Spatial Action Maps for Mobile Manipulation (RSS 2020)

Overview

spatial-action-maps

Update: Please see our new spatial-intention-maps repository, which extends this work to multi-agent settings. It contains many new improvements to the codebase, and while the focus is on multi-agent, it also supports single-agent training.


This code release accompanies the following paper:

Spatial Action Maps for Mobile Manipulation

Jimmy Wu, Xingyuan Sun, Andy Zeng, Shuran Song, Johnny Lee, Szymon Rusinkiewicz, Thomas Funkhouser

Robotics: Science and Systems (RSS), 2020

Project Page | PDF | arXiv | Video

Abstract: Typical end-to-end formulations for learning robotic navigation involve predicting a small set of steering command actions (e.g., step forward, turn left, turn right, etc.) from images of the current state (e.g., a bird's-eye view of a SLAM reconstruction). Instead, we show that it can be advantageous to learn with dense action representations defined in the same domain as the state. In this work, we present "spatial action maps," in which the set of possible actions is represented by a pixel map (aligned with the input image of the current state), where each pixel represents a local navigational endpoint at the corresponding scene location. Using ConvNets to infer spatial action maps from state images, action predictions are thereby spatially anchored on local visual features in the scene, enabling significantly faster learning of complex behaviors for mobile manipulation tasks with reinforcement learning. In our experiments, we task a robot with pushing objects to a goal location, and find that policies learned with spatial action maps achieve much better performance than traditional alternatives.

Installation

We recommend using a conda environment for this codebase. The following commands will set up a new conda environment with the correct requirements (tested on Ubuntu 18.04.3 LTS):

# Create and activate new conda env
conda create -y -n my-conda-env python=3.7
conda activate my-conda-env

# Install pytorch and numpy
conda install -y pytorch==1.2.0 torchvision==0.4.0 cudatoolkit=10.0 -c pytorch
conda install -y numpy=1.17.3

# Install pip requirements
pip install -r requirements.txt

# Install shortest path module (used in simulation environment)
cd spfa
python setup.py install

Quickstart

We provide four pretrained policies, one for each test environment. Use download-pretrained.sh to download them:

./download-pretrained.sh

You can then use enjoy.py to run a trained policy in the simulation environment.

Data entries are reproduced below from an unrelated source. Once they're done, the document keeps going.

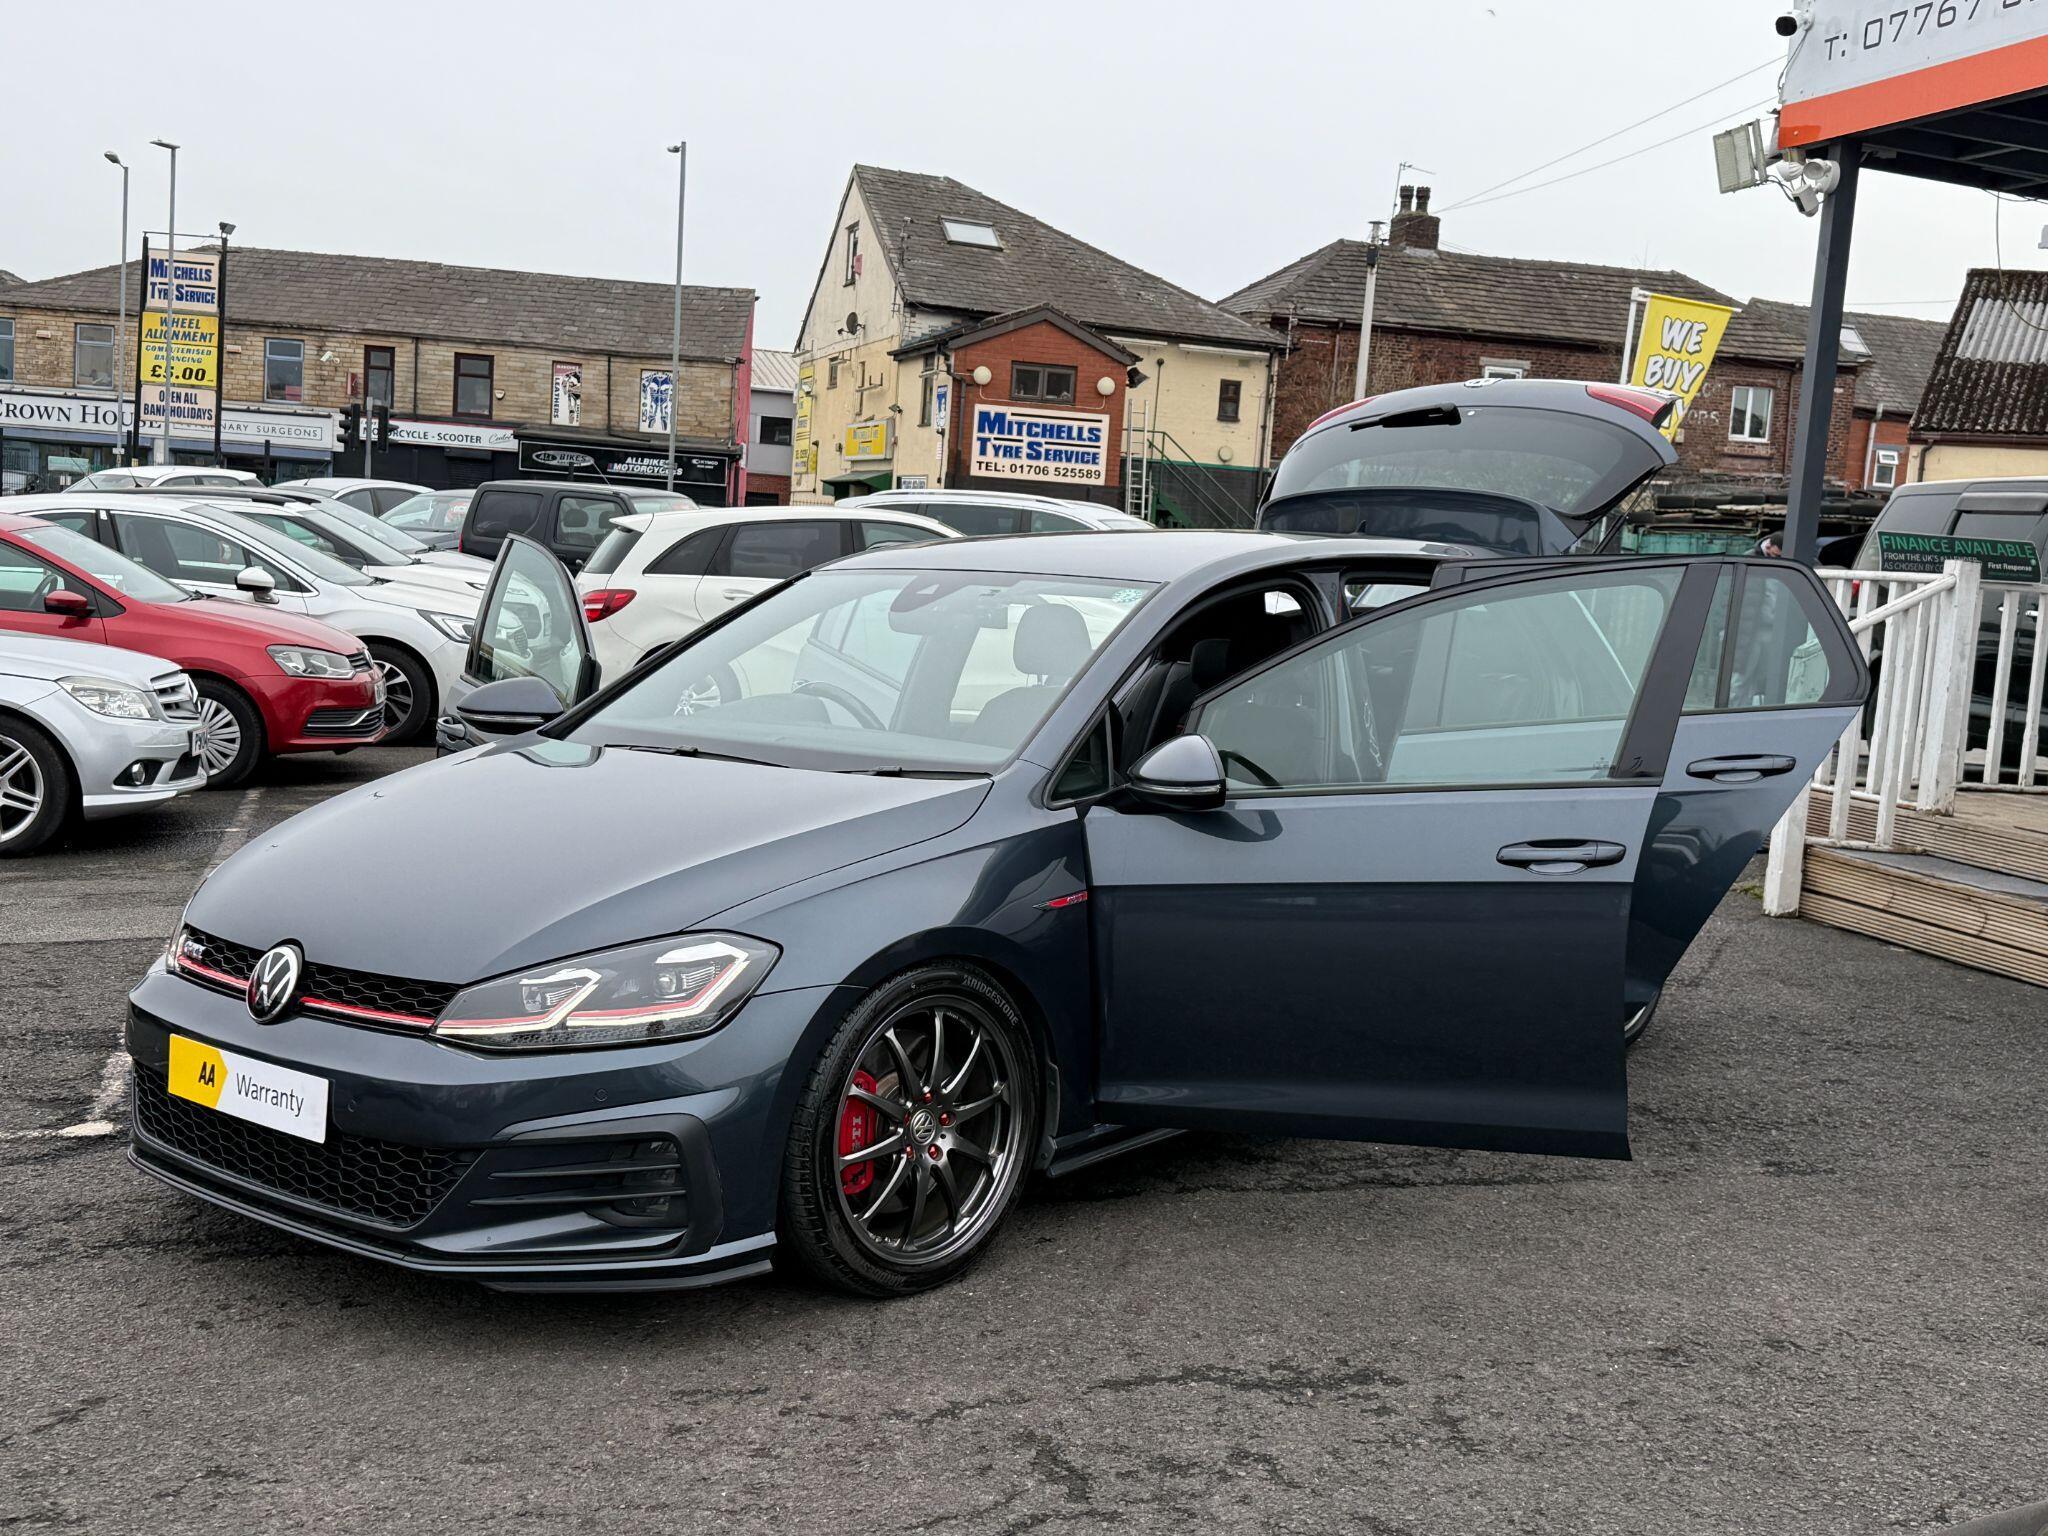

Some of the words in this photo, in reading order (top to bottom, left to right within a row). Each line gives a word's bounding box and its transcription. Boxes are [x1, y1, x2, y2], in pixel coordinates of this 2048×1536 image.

[1863, 0, 1981, 50] 07767
[150, 258, 213, 282] MICHELLS
[149, 282, 173, 301] TYR
[175, 283, 216, 305] SERVICE
[1661, 315, 1708, 355] WE
[145, 344, 212, 356] COMUTERISED
[154, 354, 203, 364] BAANCING
[1643, 354, 1705, 394] BUY
[159, 390, 182, 403] OEN
[183, 392, 198, 405] ALL
[0, 400, 72, 422] ROWN
[170, 405, 213, 421] HOLIDAYS
[256, 425, 318, 437] SURGEONS
[976, 410, 1103, 443] MITCHELLS
[437, 432, 482, 444] SCOOTER
[559, 453, 588, 462] BIKES
[976, 436, 1023, 459] TYRE
[1026, 441, 1100, 465] SERVICE
[976, 460, 1005, 473] TEL:
[1010, 463, 1050, 477] 01706
[1054, 466, 1101, 480] 525589
[1881, 535, 1951, 553] FINANCE
[1954, 540, 2035, 559] AVAILABLE
[1883, 552, 1905, 561] FROM
[1905, 553, 1921, 562] THE
[1922, 554, 1939, 562] UK'S
[1883, 562, 1893, 570] AS
[1893, 562, 1923, 571] CHOSEN
[1924, 563, 1934, 571] BY
[1987, 561, 2002, 570] First
[2003, 563, 2033, 572] Response
[198, 1061, 216, 1088] AA
[236, 1073, 304, 1117] Warranty
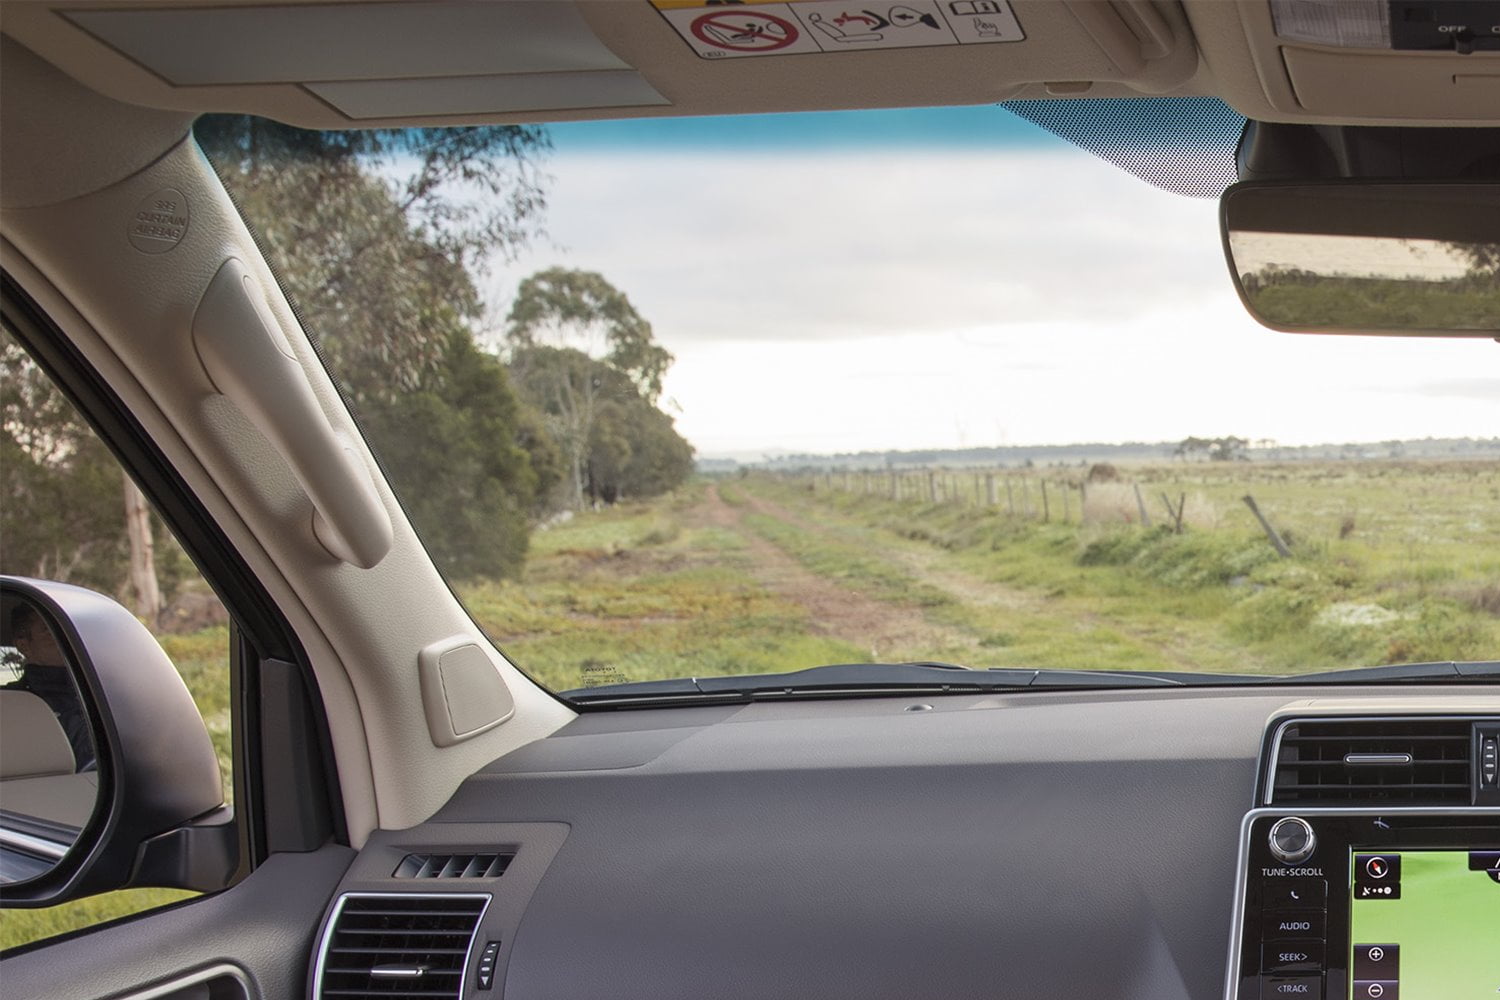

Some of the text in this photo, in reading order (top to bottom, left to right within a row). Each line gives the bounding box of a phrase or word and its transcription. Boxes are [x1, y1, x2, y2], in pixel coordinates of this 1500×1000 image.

[1438, 25, 1466, 33] OFF
[136, 211, 186, 226] CURTAIN
[135, 224, 180, 239] AIRBAG
[1279, 922, 1310, 930] AUDIO
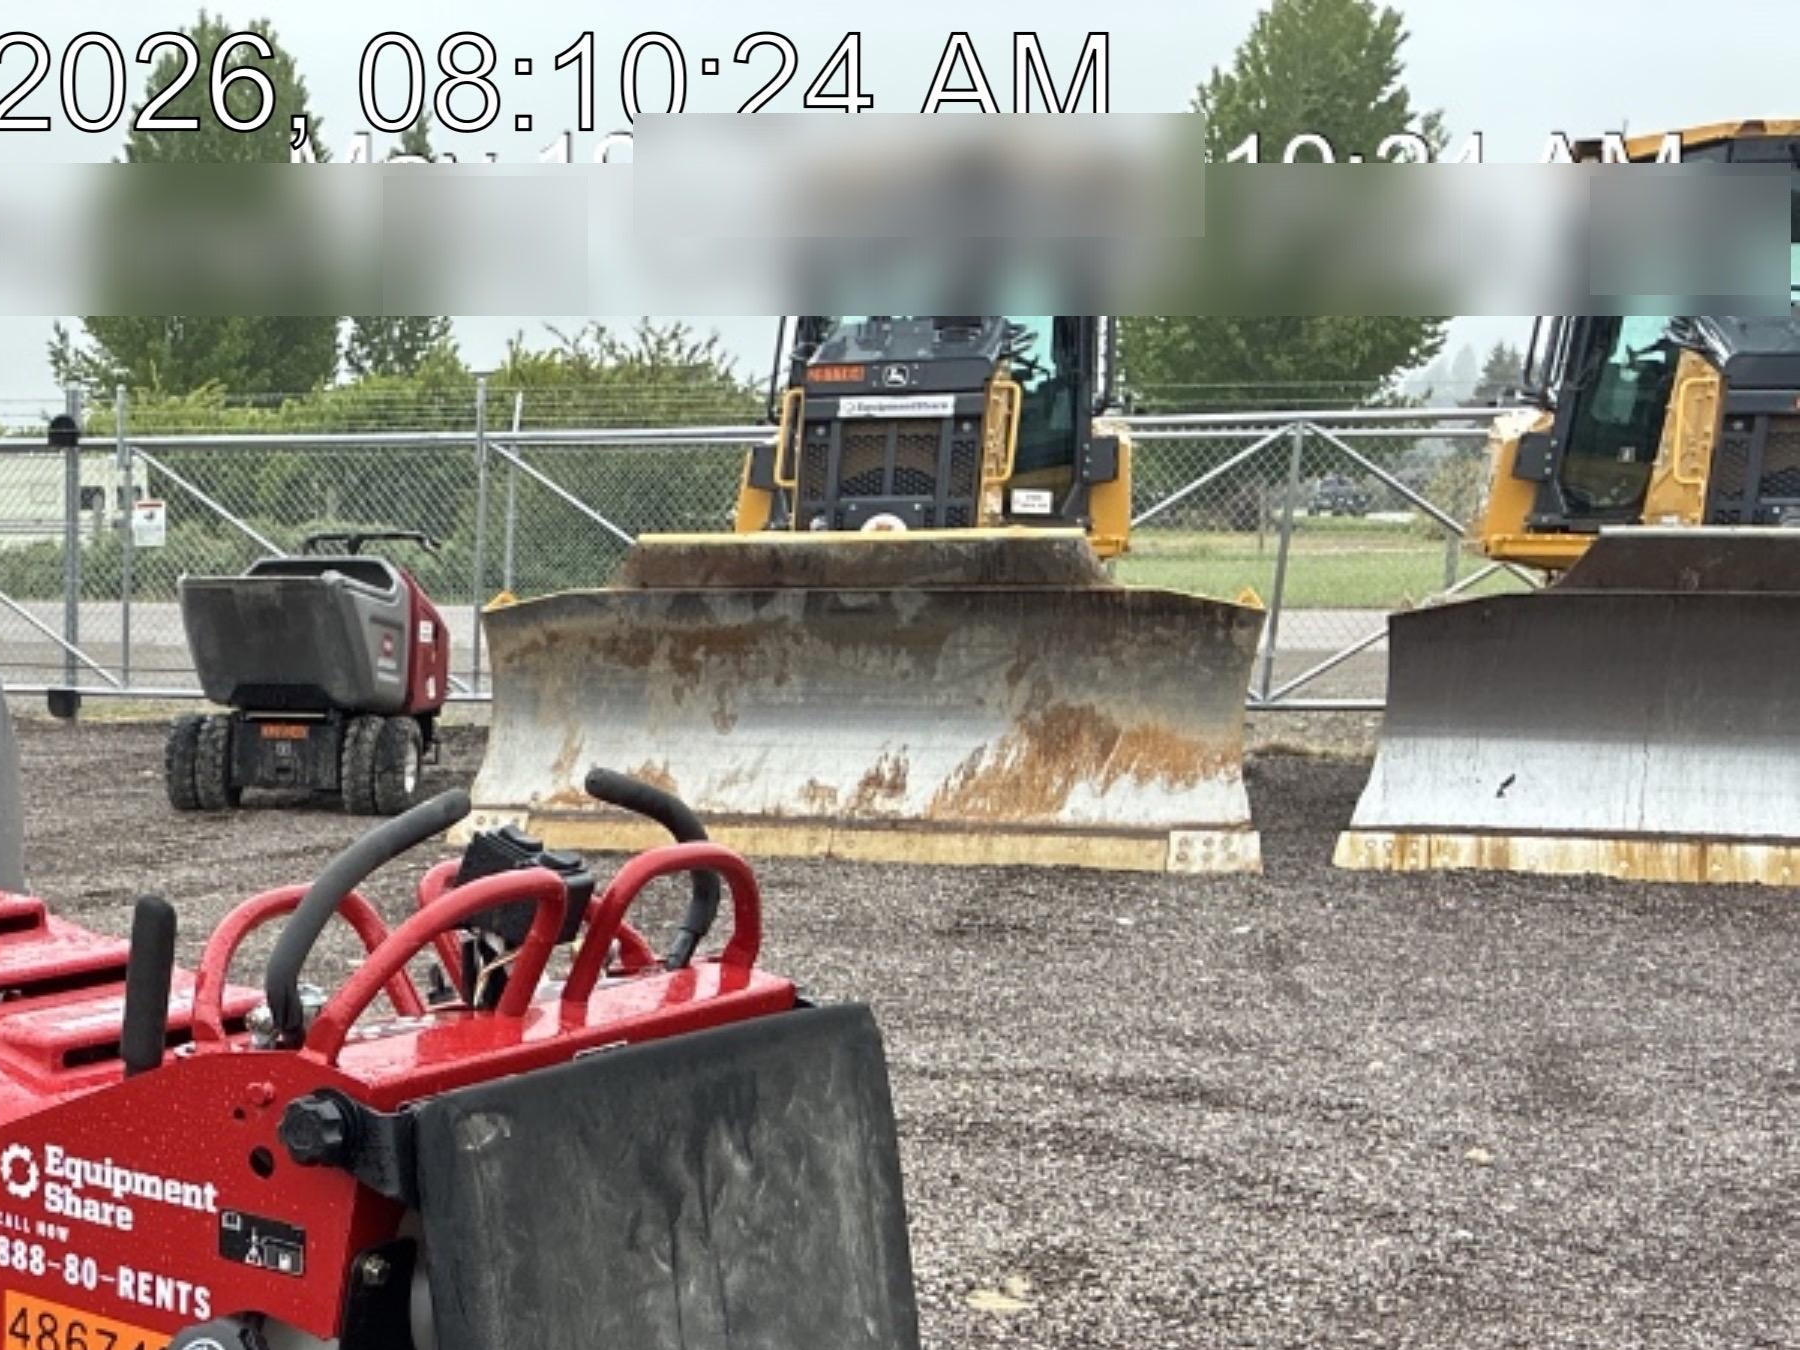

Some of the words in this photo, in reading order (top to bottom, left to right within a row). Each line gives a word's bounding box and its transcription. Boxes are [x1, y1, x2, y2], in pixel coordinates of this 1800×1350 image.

For example, to load the pretrained policy for SmallEmpty, you can run:

python enjoy.py --config-path logs/20200125T213536-small_empty/config.yml

You can also run enjoy.py without specifying a config path, and it will find all policies in the logs directory and allow you to pick one to run:

python enjoy.py

Training in the Simulation Environment

The config/experiments directory contains template config files for all experiments in the paper. To start a training run, you can give one of the template config files to the train.py script. For example, the following will train a policy on the SmallEmpty environment:

python train.py config/experiments/base/small_empty.yml

The training script will create a log directory and checkpoint directory for the new training run inside logs/ and checkpoints/, respectively. Inside the log directory, it will also create a new config file called config.yml, which stores training run config variables and can be used to resume training or to load a trained policy for evaluation.

Simulation Environment

To explore the simulation environment using our proposed dense action space (spatial action maps), you can use the tools_click_agent.py script, which will allow you to click on the local overhead map to select actions and move around in the environment.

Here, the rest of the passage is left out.